Eiselein is asking for a quite extraordinary amount of money: US$3.6 million. He alleges damages from the spread of the image beyond Buzzfeed, where it was widely shared on other social networks and platforms, even after Eiselein issued an infringement notice and the image was removed from the original list. Eiselein claims the devaluation of the image through repeat unauthorised publishing of it diminishes his ability to profit from his original work.
Jonah Peretti, Buzzfeed’s CEO has publicly responded to this by saying:
“I would love if every image contained some secret metadata and a way to license that image . . . But the practical reality is that it is pretty challenging, particularly in the web culture of animals and the images that spread on Pinterest and Tumblr.”
Which in itself really gets to the crux of the matter: it’s not that hard, in reality, to find the original owner of an image via a reverse Google image search, for example. But this takes time, which in a content-hungry new media climate is in short supply. This is almost beside the point: aggregation as a business model is about the aggregator profiting off the work of others; without these original works, there are no sites like Buzzfeed or Uproxx or Tumblr or Pinterest.

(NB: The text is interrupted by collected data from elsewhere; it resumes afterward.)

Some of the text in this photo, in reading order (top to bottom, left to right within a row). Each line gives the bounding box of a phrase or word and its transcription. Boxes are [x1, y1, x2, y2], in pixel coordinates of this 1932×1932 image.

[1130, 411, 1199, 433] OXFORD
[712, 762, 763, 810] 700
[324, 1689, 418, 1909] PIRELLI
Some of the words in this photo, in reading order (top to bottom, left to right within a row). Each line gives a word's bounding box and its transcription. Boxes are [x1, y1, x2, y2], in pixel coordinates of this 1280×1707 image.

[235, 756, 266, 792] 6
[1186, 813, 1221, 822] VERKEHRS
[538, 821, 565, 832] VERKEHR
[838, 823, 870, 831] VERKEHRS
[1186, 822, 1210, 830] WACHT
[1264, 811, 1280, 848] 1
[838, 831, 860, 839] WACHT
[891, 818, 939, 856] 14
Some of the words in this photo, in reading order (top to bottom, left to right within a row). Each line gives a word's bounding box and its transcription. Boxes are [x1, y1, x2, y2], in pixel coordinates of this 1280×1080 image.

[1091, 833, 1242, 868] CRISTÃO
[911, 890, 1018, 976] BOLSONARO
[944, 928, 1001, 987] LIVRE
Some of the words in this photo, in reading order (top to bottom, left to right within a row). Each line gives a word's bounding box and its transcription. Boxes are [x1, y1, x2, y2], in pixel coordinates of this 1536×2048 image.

In the case of Tumblr, since its acquisition by Yahoo, several of its blogs, some of them very popular, have been taken offline by the new administrators for copyright violations. This has been met with outcry from Tumblr’s mainly young user base, who have grown up in an era of free content, and who can sometimes struggle to see the problem inherent in violating creator’s rights for the sake of growing the bottom line of a corporation (hello Tumblr founders enjoying your windfalls.)
Brookings suggests a sensible solution for sites like Buzzfeed who want to continue to make revenue from collecting and republishing other people’s work: don’t ever use unlicensed images. Buzzfeed and other sites like it should have to pay to license the content they use to build their own brand and increase their own revenues. Otherwise publishers are just running a vert shiny sweatshop, which by pushing the boundaries of copyright law, not only makes it increasingly difficult for creatives to live off their original work, but also weakens the case for genuinely transformative works that sample and remix existing work to the point where something entirely new emerges (for example, the entire genre of hip hop).
But putting a bunch of captions and a list of other’s people work together to attract pageviews and claiming it as original work? That’s not fair to anyone.